Mario estaba orgulloso de ser un paranoico declarado. Si él hubiera leído en algún foro oscuro de Internet con suficientes seguidores que el famoso sombrerito de papel aluminio servía en serio para protegerlo de lecturas telepáticas, lo hubiera usado sin dudar, incluso en el trabajo. Aunque la verdad Mario trabajaba como programador desde su casa, por lo que difícilmente llamaría la atención.
No obstante, había que darle algo de crédito. Era más paranoico en cuanto a tecnología se refería que en cuanto a conspiraciones, las cuales solía creer a pies juntillas, pero no muchas llegaban a sus ojos u oídos. Estaba demasiado ocupado lidiando con sus paranoias tecnológicas, debido a su profesión.
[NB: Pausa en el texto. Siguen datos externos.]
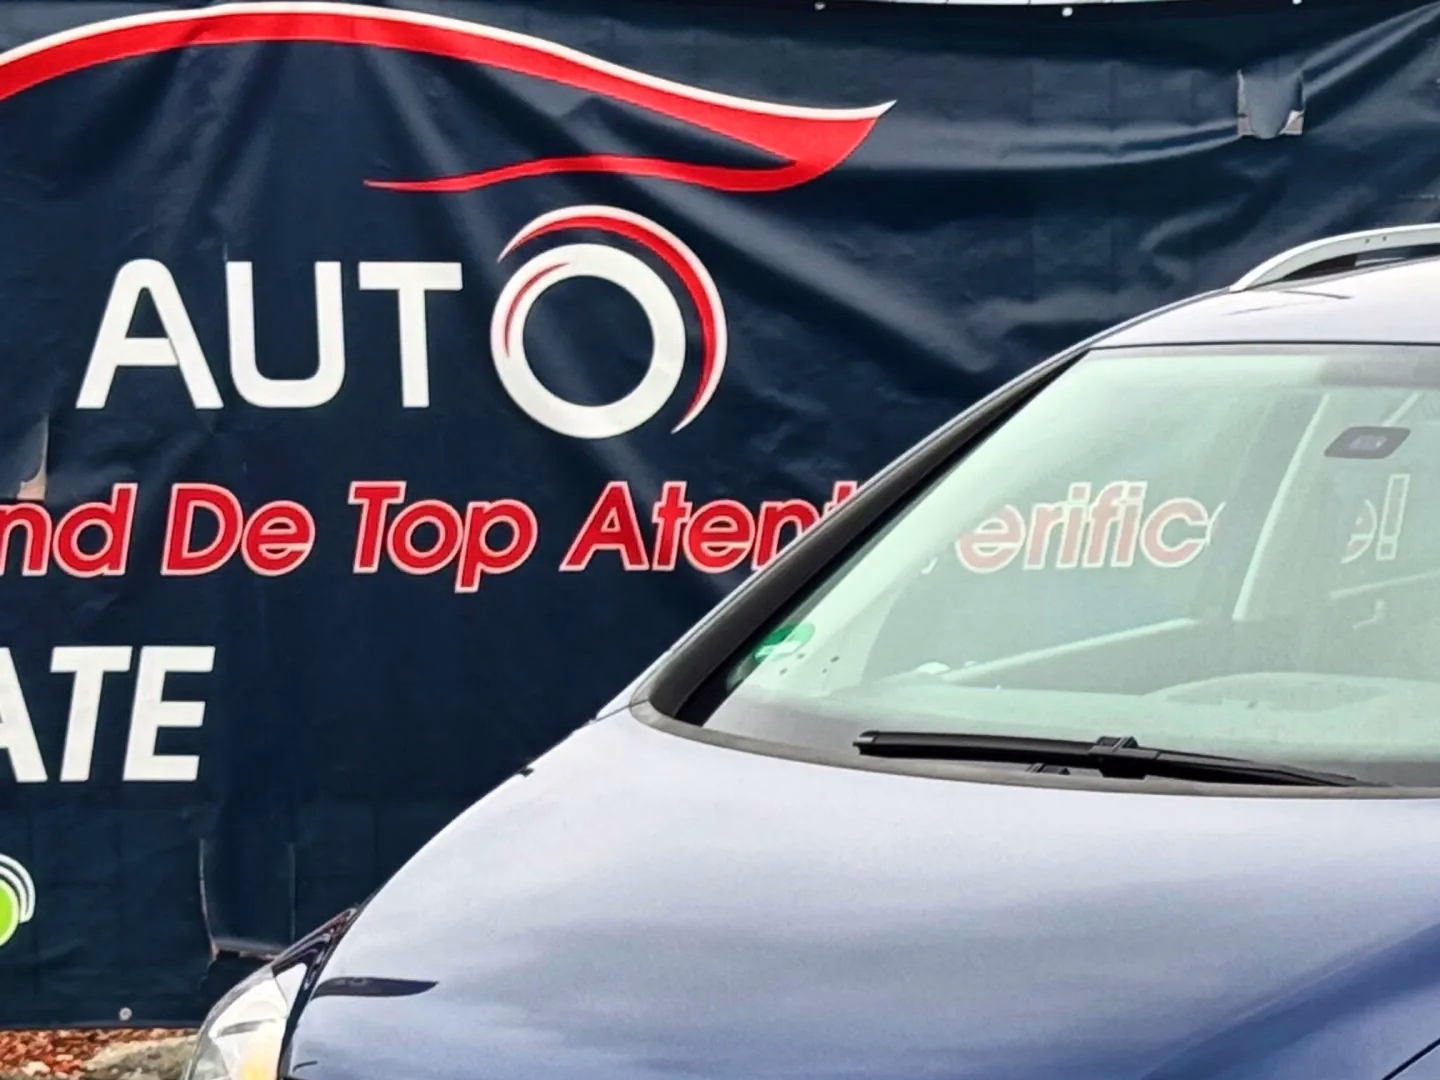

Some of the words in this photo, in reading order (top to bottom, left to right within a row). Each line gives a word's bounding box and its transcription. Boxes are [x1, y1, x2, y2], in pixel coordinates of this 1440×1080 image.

[76, 243, 690, 439] AUTO
[161, 482, 316, 577] De
[349, 481, 538, 594] Top
Todos los equipos que poseía y que podían conectarse a Internet contaban con antivirus potentes, los últimos sistemas operativos, los últimos firmwares, las últimas herramientas de seguridad. Su laptop principal, un diseño caro, venía con hardware para la identificación biométrica… al igual que la cerradura de su casa. Por si acaso.
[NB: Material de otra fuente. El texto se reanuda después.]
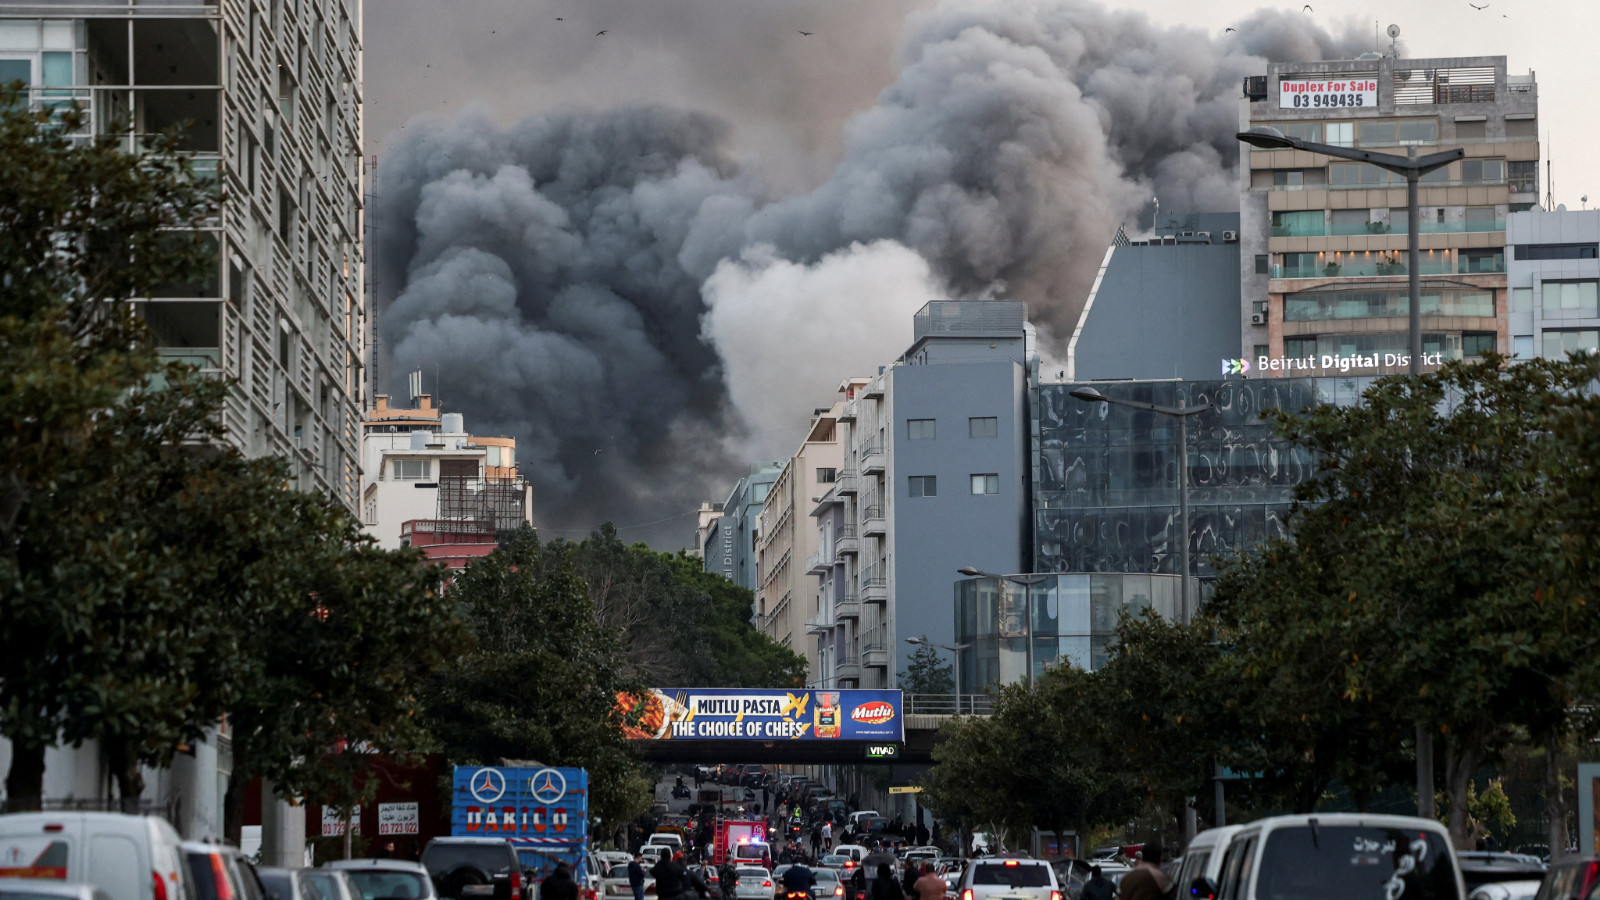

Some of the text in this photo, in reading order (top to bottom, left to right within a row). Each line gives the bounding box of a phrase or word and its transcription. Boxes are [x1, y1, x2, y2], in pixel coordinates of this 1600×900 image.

[1283, 80, 1376, 94] Duplex For Sale
[1293, 93, 1364, 108] 03 949435
[1258, 354, 1316, 371] Beirut
[1321, 352, 1379, 372] Digital
[723, 525, 732, 565] District
[698, 699, 781, 714] MUTLU PASTA
[851, 704, 892, 720] Mutlu
[672, 721, 803, 737] THE CHOICE OF CHEFS
[322, 823, 332, 834] 03
[380, 823, 389, 834] 03
[391, 823, 403, 833] 723
Usaba Tor, VPNs y toda la parafernalia relacionada antes de atreverse a abrir Google. Y no es que Mario manejara datos demasiado delicados, precisamente: trabajaba para una empresa de videojuegos. Le gustaba mantenerse “protegido”, eso era todo; siempre decía.
A pesar de su excentricidad, Sandra, su novia de tres años, aceptó mudarse con él. Su trío de amigos más cercanos aún seguía mudo de asombro. Querían a Mario, pero habían apostado que Sandra lo dejaría apenas se lo pidiera, harta de… sus cosas. Sólo habían salido de su asombro para preguntarle de qué tamaño la tenía entonces, y él los mandó al diablo.
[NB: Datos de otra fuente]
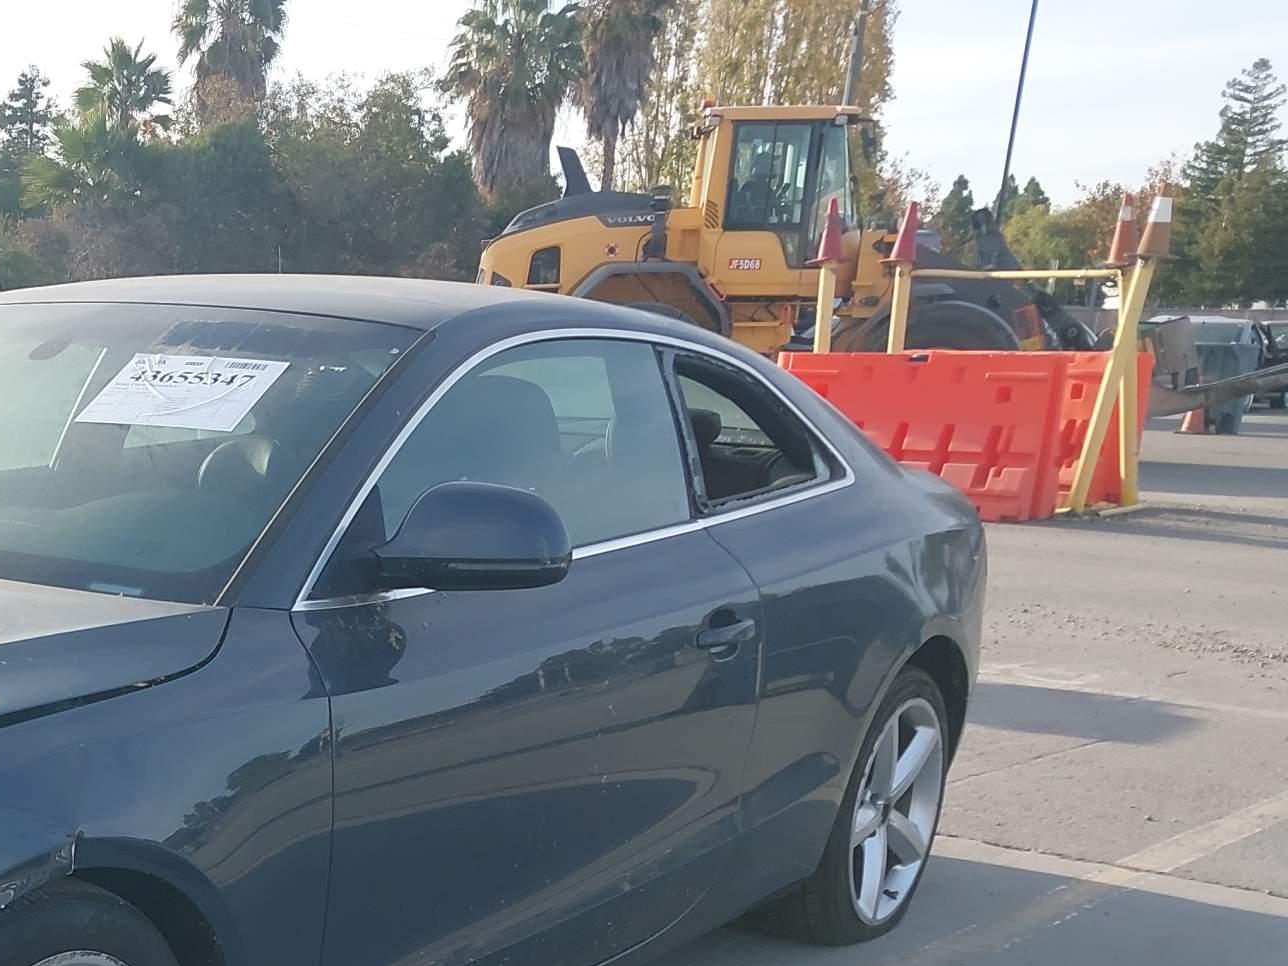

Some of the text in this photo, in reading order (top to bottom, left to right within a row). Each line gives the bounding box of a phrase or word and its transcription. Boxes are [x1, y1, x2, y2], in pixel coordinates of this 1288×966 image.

[607, 214, 655, 224] VOLVO
[729, 259, 761, 269] JF5D68
[129, 370, 257, 388] 43655347
Ya llevaba dos meses felices en esa nueva casa con Sandra, su perro Marley y sus numerosos cachivaches. Hablemos primero sobre Marley, el mayor desencadenante de la tragedia.
Se llamaba igual que el perro de la película de 2008 (Marley y yo) porque era muy semejante. Mario lo había recogido de un refugio, así que no tenía raza, pero él podía apostar que tenía algo de gran danés o galgo. Era blanco como la leche, con una pequeña mancha negra en el pecho y otra alrededor del ojo izquierdo. Alto, estilizado, de rostro risueño. Su tamaño asustaba, pero era una pérdida como perro guardián: seguro se echaría ante el ladrón para que le rascara la panza. Era bueno que nunca lo hubiera acogido con ese propósito. Para eso estaba su confiable tecnología.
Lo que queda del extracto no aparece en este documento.